Wailing Walls and Tomato Sandwiches

I don’t read a lot of blogs. That’s partly why it surprises me when anybody more than my Aunt Neva reads this one. It’s not that I don’t see their value and quality, or that I think people who write them have a high opinion of themselves. They just make me nervous. Introspective. Almost every one I read morphs me just a little bit into whomever wrote it or plunks me inside the characters with their attitudes and outlooks. It’s like that old playground game that isn’t allowed anymore just because of a few silly whiplashes and broken bones . . . Crack the Whip. I must be getting too old for the kind of instability I feel when I’m yanked through someone else’s feelings.
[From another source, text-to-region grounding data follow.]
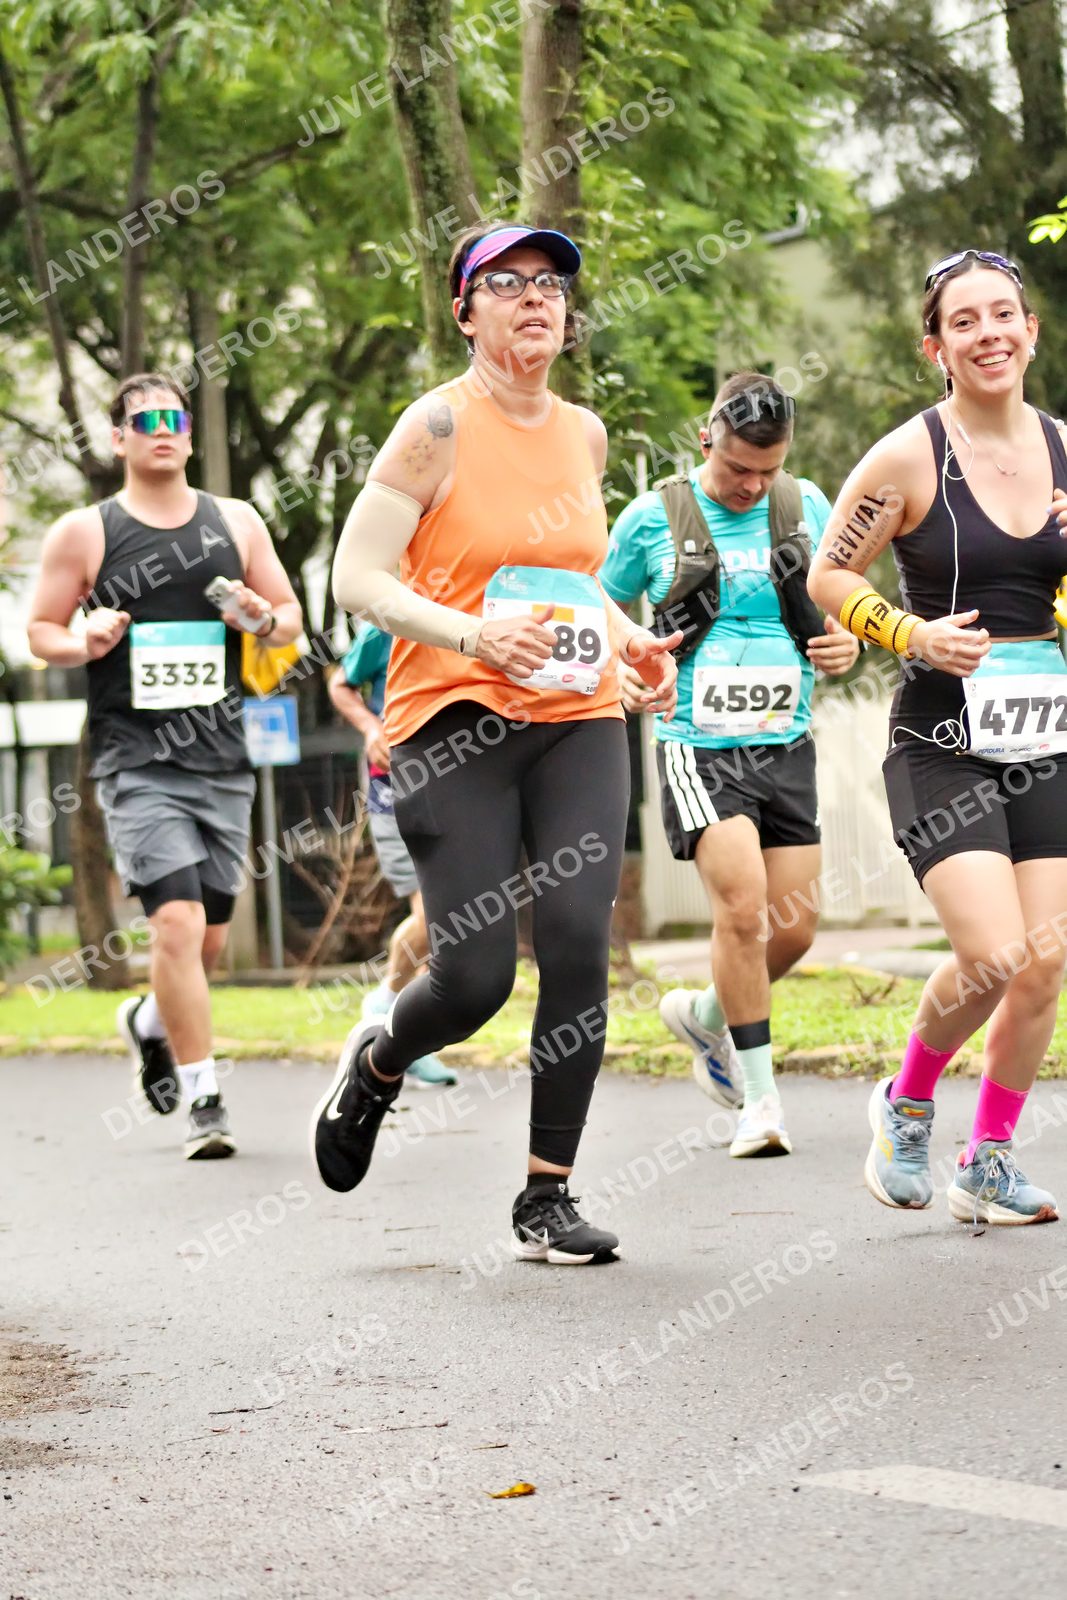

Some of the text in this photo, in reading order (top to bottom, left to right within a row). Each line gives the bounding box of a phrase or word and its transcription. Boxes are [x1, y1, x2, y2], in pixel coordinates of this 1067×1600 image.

[552, 625, 602, 665] 89
[141, 662, 218, 686] 3332
[702, 684, 793, 713] 4592
[980, 695, 1067, 736] 4772
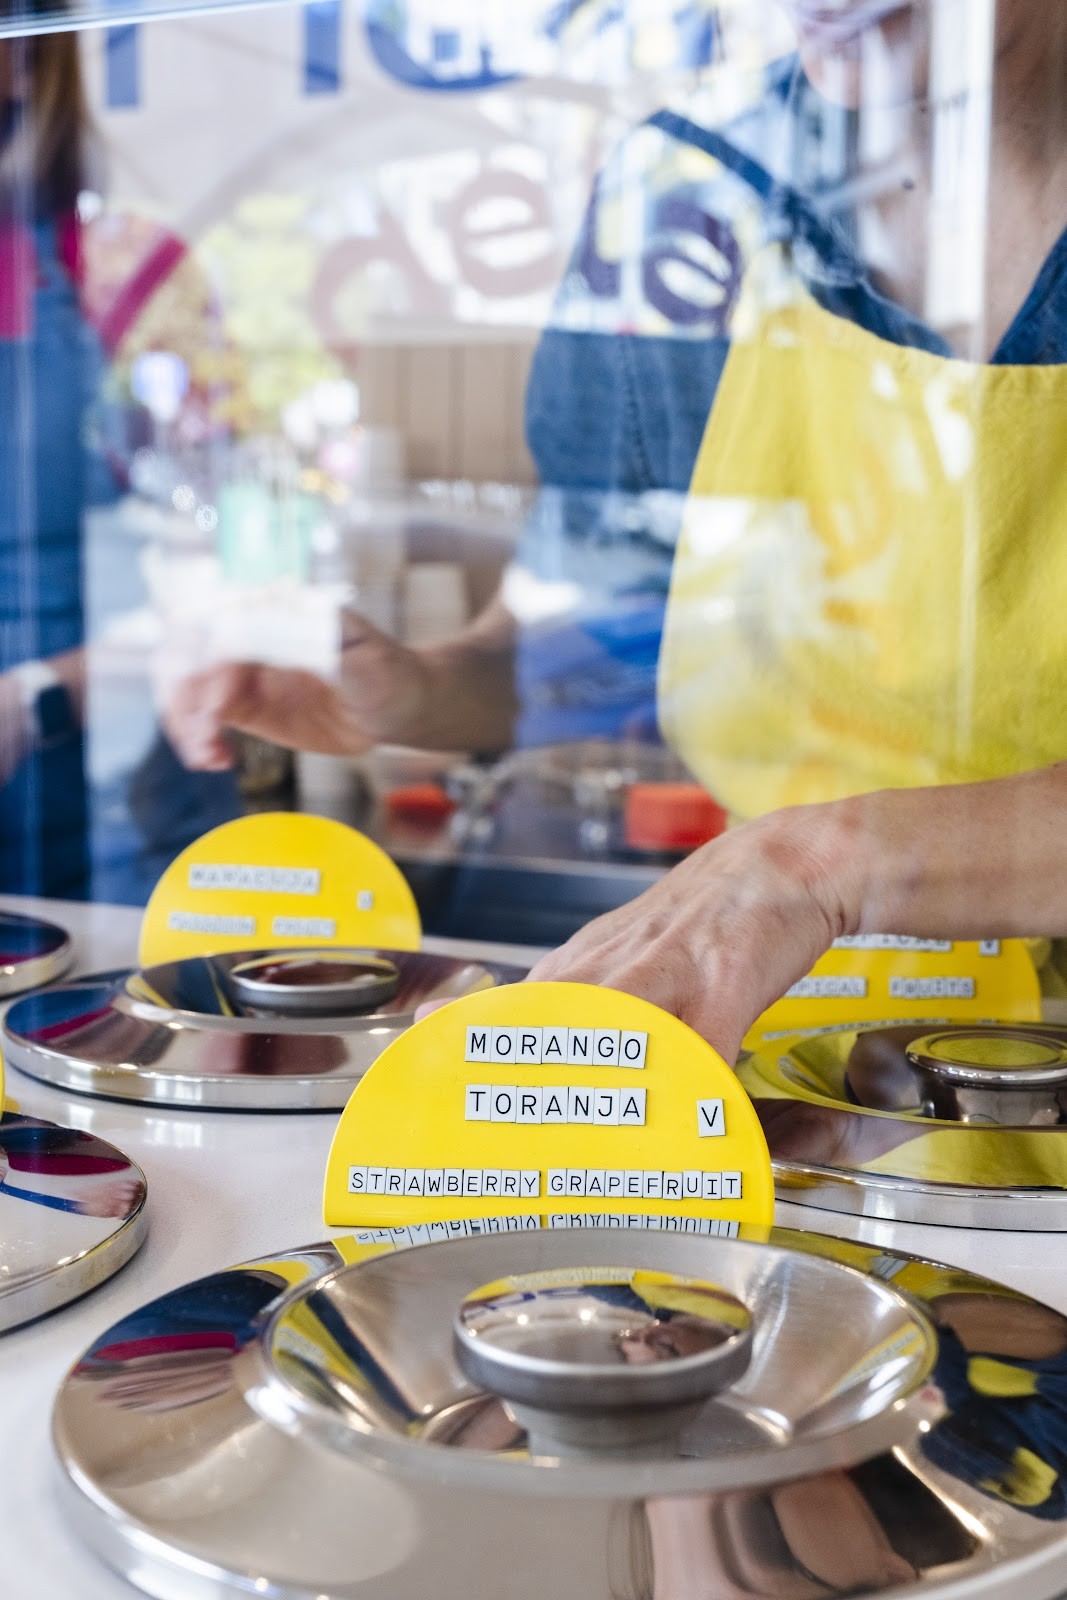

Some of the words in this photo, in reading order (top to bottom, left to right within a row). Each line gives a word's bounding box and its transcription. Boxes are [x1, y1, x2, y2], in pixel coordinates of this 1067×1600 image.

[470, 1032, 642, 1060] MORANGO
[469, 1090, 641, 1118] TORANJA
[701, 1104, 719, 1129] V
[351, 1171, 536, 1194] STRAWBERRY
[550, 1174, 738, 1196] GRAPEFRUIT
I gotta be me. Not them. It’s like empathy run amok.

The depressing blog posts written by bleak writers with doomsday outlooks make me shut the living room curtains and get out the ice cream. The bouncy cheery ones with constant sunshine and bunnies make me throw open the windows and skip around the backyard. That one about how to skydive blindfolded, well, you’ll be happy to know, I didn’t finish that one.

I did mull over quite seriously, though, a recent post I read about putting certain photos on social media during the Pandemic. I’ll fill you in on that towards the end. Spoiler alert . . . it’s not sunshine and bunnies.

Now, if a blog is taken so deeply to heart, let me illustrate for you how I react to books. Books have always been an important part of my life. Companions. Stand-ins for siblings. Unless I’m careful I can deeply internalize them. Always have. Case in point, a modern novel I just finished titled, The Secret Life of Bees by Sue Monk Kidd. Maybe you’ve read it. Millions have. I’m always a few years behind. There’s a movie also.

Without giving you the entire rundown of the book, let me just say, I now deeply understand bees and their keeping, racial tensions of the American south in the mid-1960s, and everything about the function of a black matriarchal society.

Of course none of that is true. An expert I am not. All of those topics are far beyond where I can boast of a good grasp. I’ve just had my appetite whetted for new knowledge and, as per usual, I found myself researching them as soon as I closed the book. By the time I’d read a good online portion of someone’s Master’s thesis comparing the patriarchal society of Huck Finn to the matriarchal setup of Bees I realized I’d done it again and needed to get a grip. But before I purposefully shut down my obsession with the latest book, I allowed myself a couple days of indulgence to let my thoughts dwell on one poignant scenario. The wall.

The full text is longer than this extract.